# American made ammo storage safe



## Wintergrower_OH (Sep 21, 2010)

Looking for an American made safe for ammo that is both fire proof and water . If possible up to hour protection from fire .


----------



## dkhern (Nov 30, 2012)

dont have a solution for you if mine burns it burns. most of mine are reloading components not loaded ammo except for 22 loaded ammo will not explode however. it just pops if not confined. saw a demo on tv once placed a round on hot plate covered hot plate w cardboard box wtop cut out and saran wrap covering opening when round cooked off and exploded didnt penertrate box or saran wrap.


----------



## Micheal (Jan 28, 2009)

Is there such a thing???????
Neighbor just bought a "gun" safe - sale at Tractor Supply - and still keeps all his ammo on the top shelf of a closet.

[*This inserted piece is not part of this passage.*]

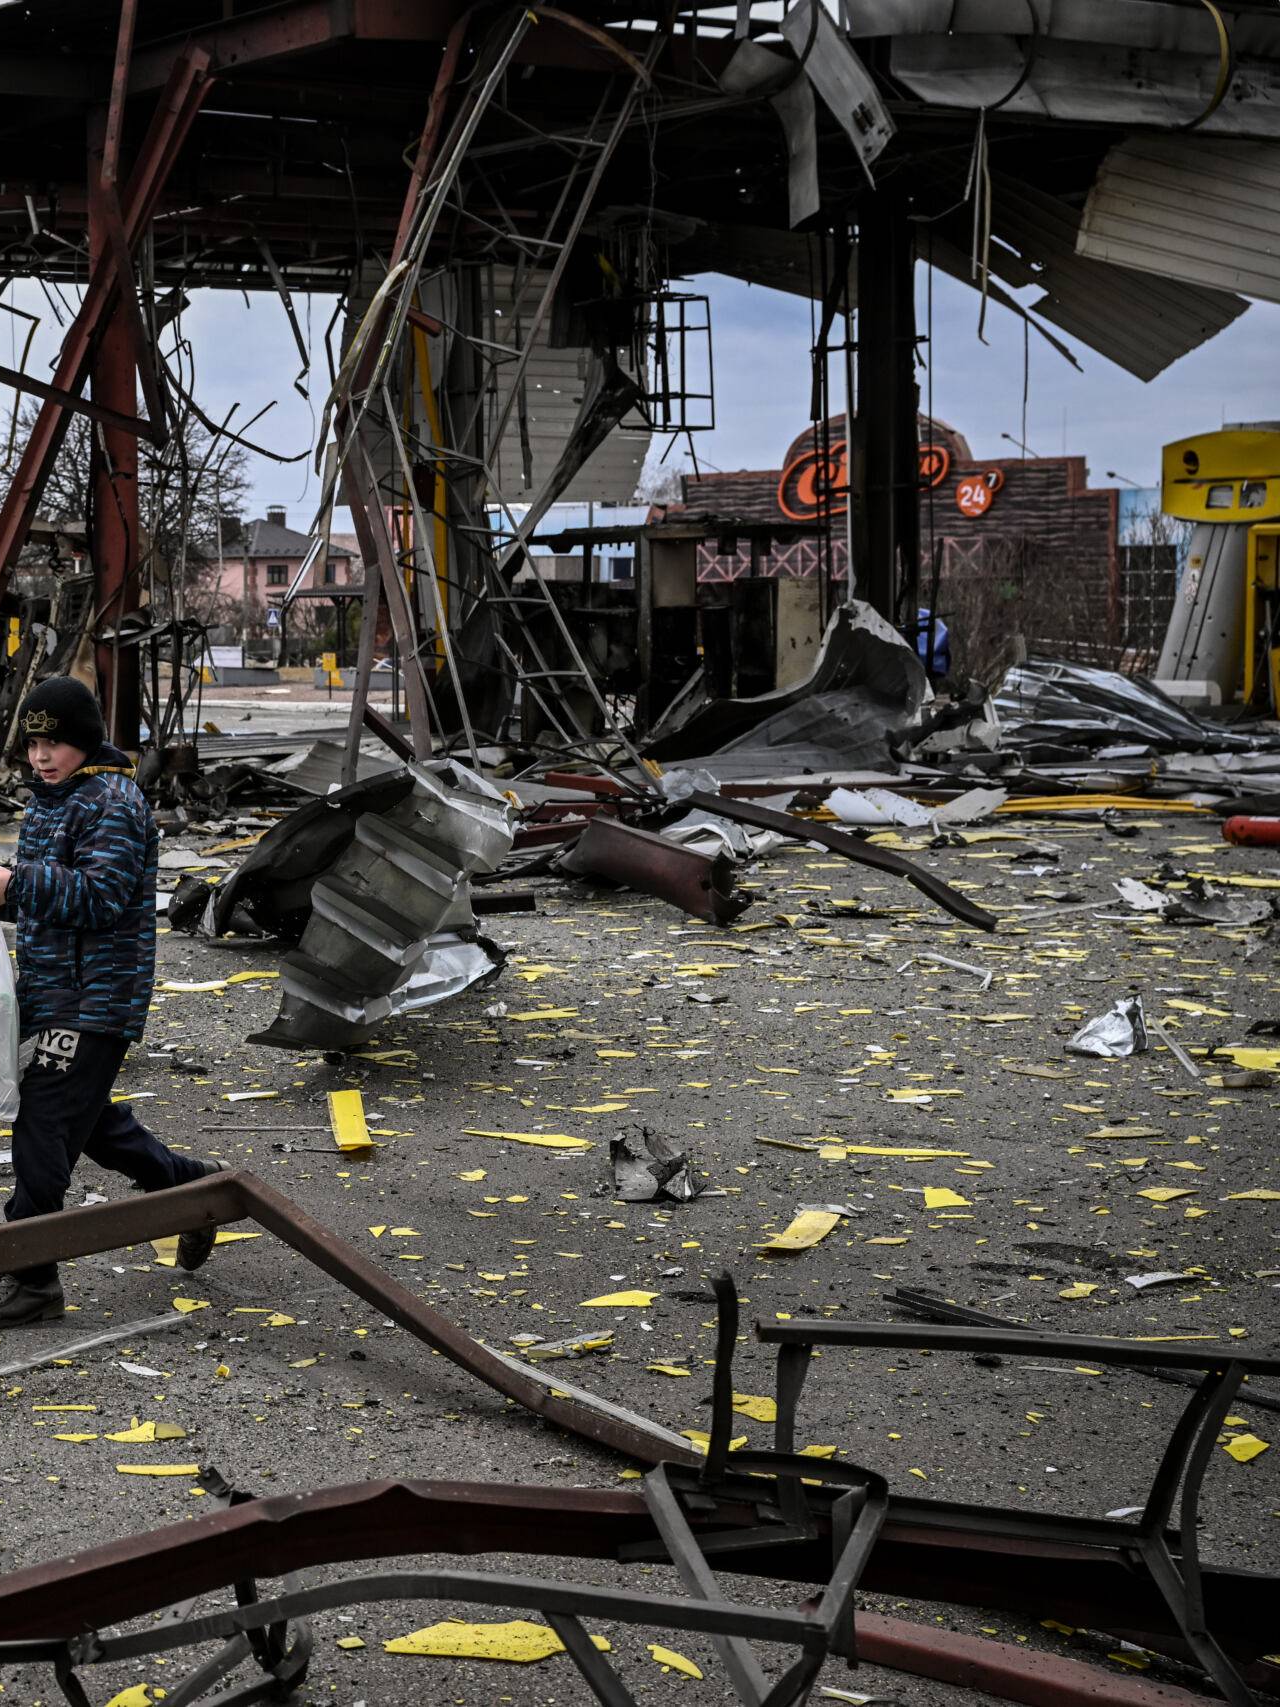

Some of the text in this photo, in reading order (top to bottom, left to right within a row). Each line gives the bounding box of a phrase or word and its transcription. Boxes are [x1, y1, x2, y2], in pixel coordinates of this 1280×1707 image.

[1183, 448, 1200, 475] 9
[960, 472, 997, 507] 24 7

Not to worried bout young-ens playing with rounds of ammo (if they can get to them) just so they can't get to the guns..........


----------



## Wintergrower_OH (Sep 21, 2010)

Their isn't one from what i can tell . Going to go with liberty safe . Apparently you can't take door off to make easy to take to the basement . Also , finding someone with the right type dolly is going to be problem . I decide to go gander mt. for ammo storage boxes . Got to find out what acceptable to the insurance company . Regular ammo will be fine . Now reloading ammo powders ,etc might be problem .


----------



## Chuck R. (Apr 24, 2008)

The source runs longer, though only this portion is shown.